溫家寶在2007年5月說∶「如果沒有有效的防禦措施,這項工程可能會造成巨大災難」。外國記者最近關於三峽工程的報導,證實了這項工程已經造成了巨大災難,不是「如果……」。所以,外國媒體對於三峽工程的報導和批評,是基於事實的報導,根本不是妖魔化三峽工程。

六、北京奧運會後怎麼辦?

美國華爾街日報記者奧斯特關於三峽庫區滑坡崩塌問題的報導和其他一些外國媒體關於三峽工程的報導,通過網絡傳回中國,出口轉內銷,讓許多中國人對於三峽工程有一個全面的了解。這主要得益於國務院發布的「北京奧運會及其籌備期間外國記者在華採訪規定」。通過這個規定,外國記者可以進入三峽庫區進行採訪報導。而三峽工程的移民,如同祥林嫂一樣,有許多話要說,希望能有人聽她的敘說。有人想說,有人要聽,有一個進入三峽庫區進行採訪報導的環境,就有了這麼多的報導。對於那些想封鎖消息的人來說,這是壞事,都是奧運會惹的禍,因為沒有奧運會,就沒有外國記者可以隨便進入三峽庫區進行採訪報導;沒有新聞自由,也不會使得三峽工程的問題在世人面前暴露無遺。

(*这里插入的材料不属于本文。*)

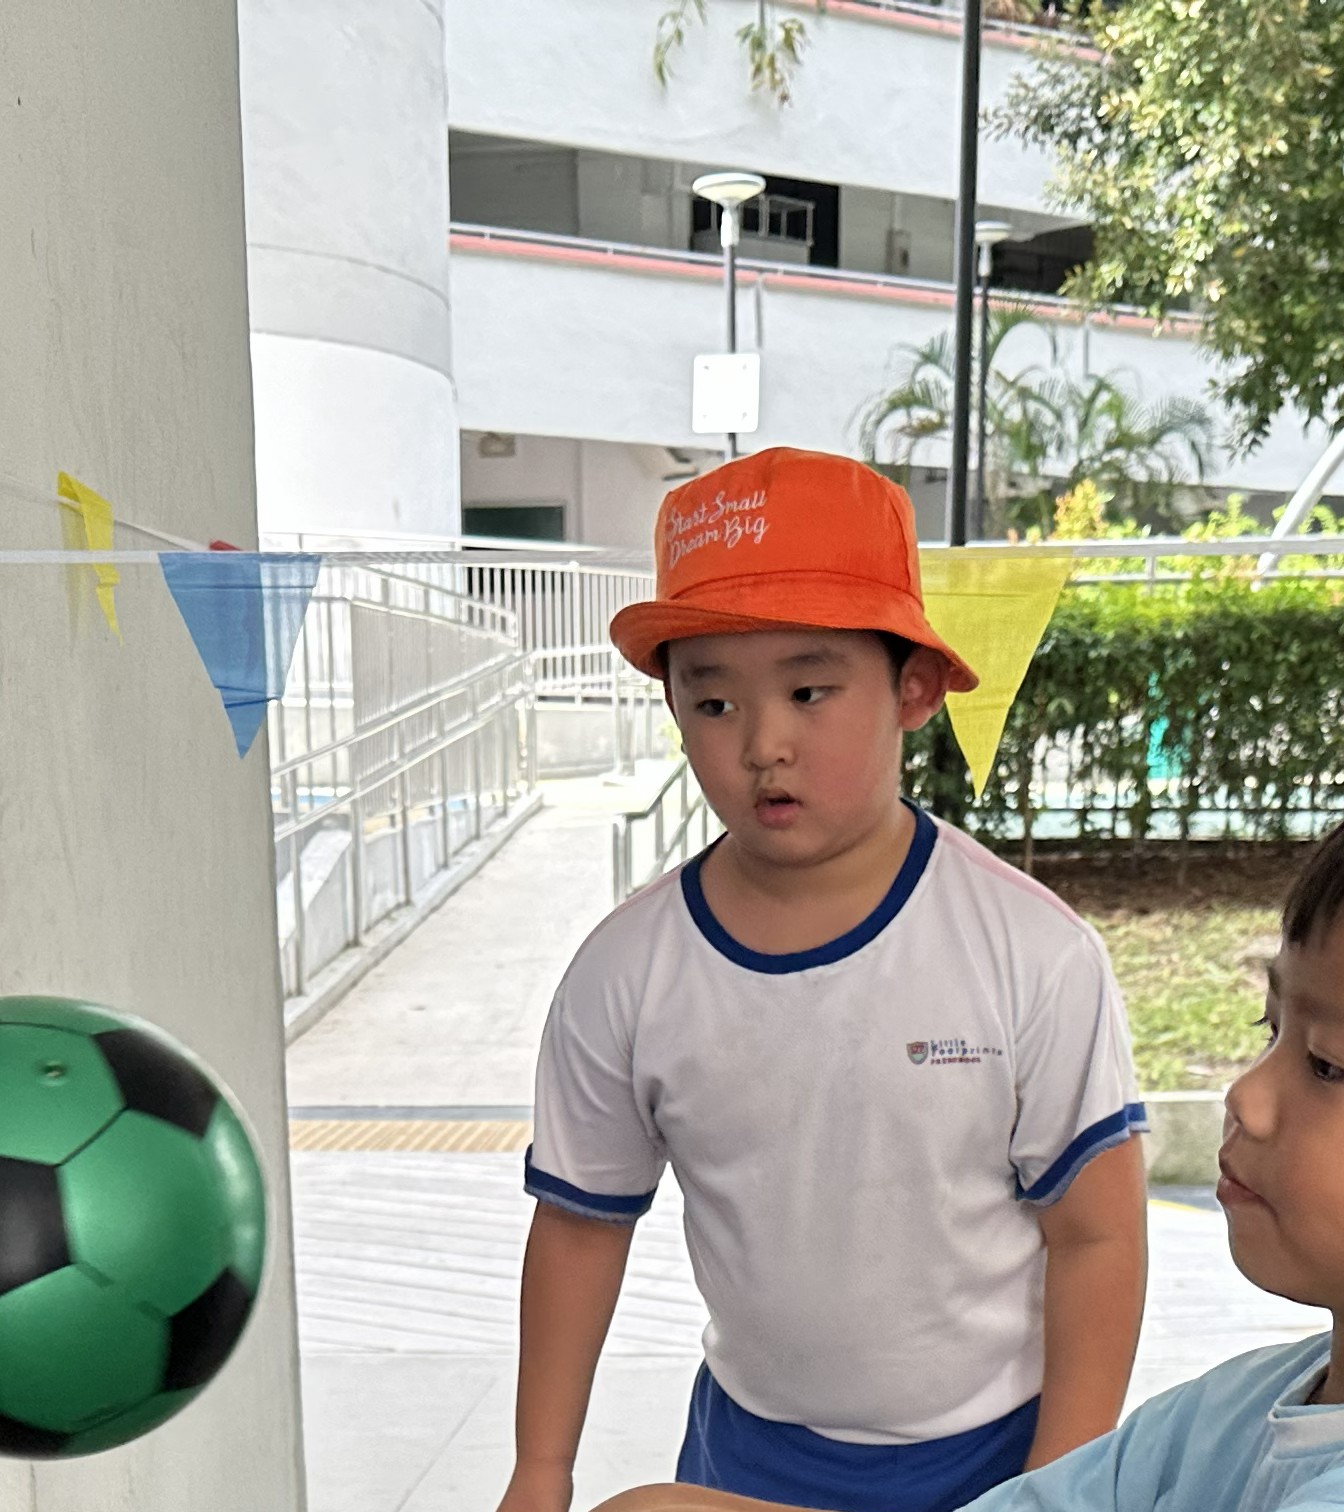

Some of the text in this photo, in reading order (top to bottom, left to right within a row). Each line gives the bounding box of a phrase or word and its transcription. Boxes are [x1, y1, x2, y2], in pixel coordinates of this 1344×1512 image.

[668, 490, 767, 542] Start Small
[669, 516, 770, 570] Dream Big

那麼,北京奧運會後怎麼辦?國務院的「北京奧運會及其籌備期間外國記者在華採訪規定」只是到2008年10月17日有效。2008年10月17日以後,外國記者還能夠自由地進入三峽庫區進行採訪報導嗎?

世界都希望中國能夠通過北京奧運會,改善人權狀況。人權的改善,關鍵不是在北京奧運會及其籌備這600多天中,外國記者是否有自由採訪的權利。而是通過北京奧運會,外國記者是否永遠擁有自由採訪的權利。更為重要的是,通過北京奧運會,中國人是否永遠擁有說話的權利。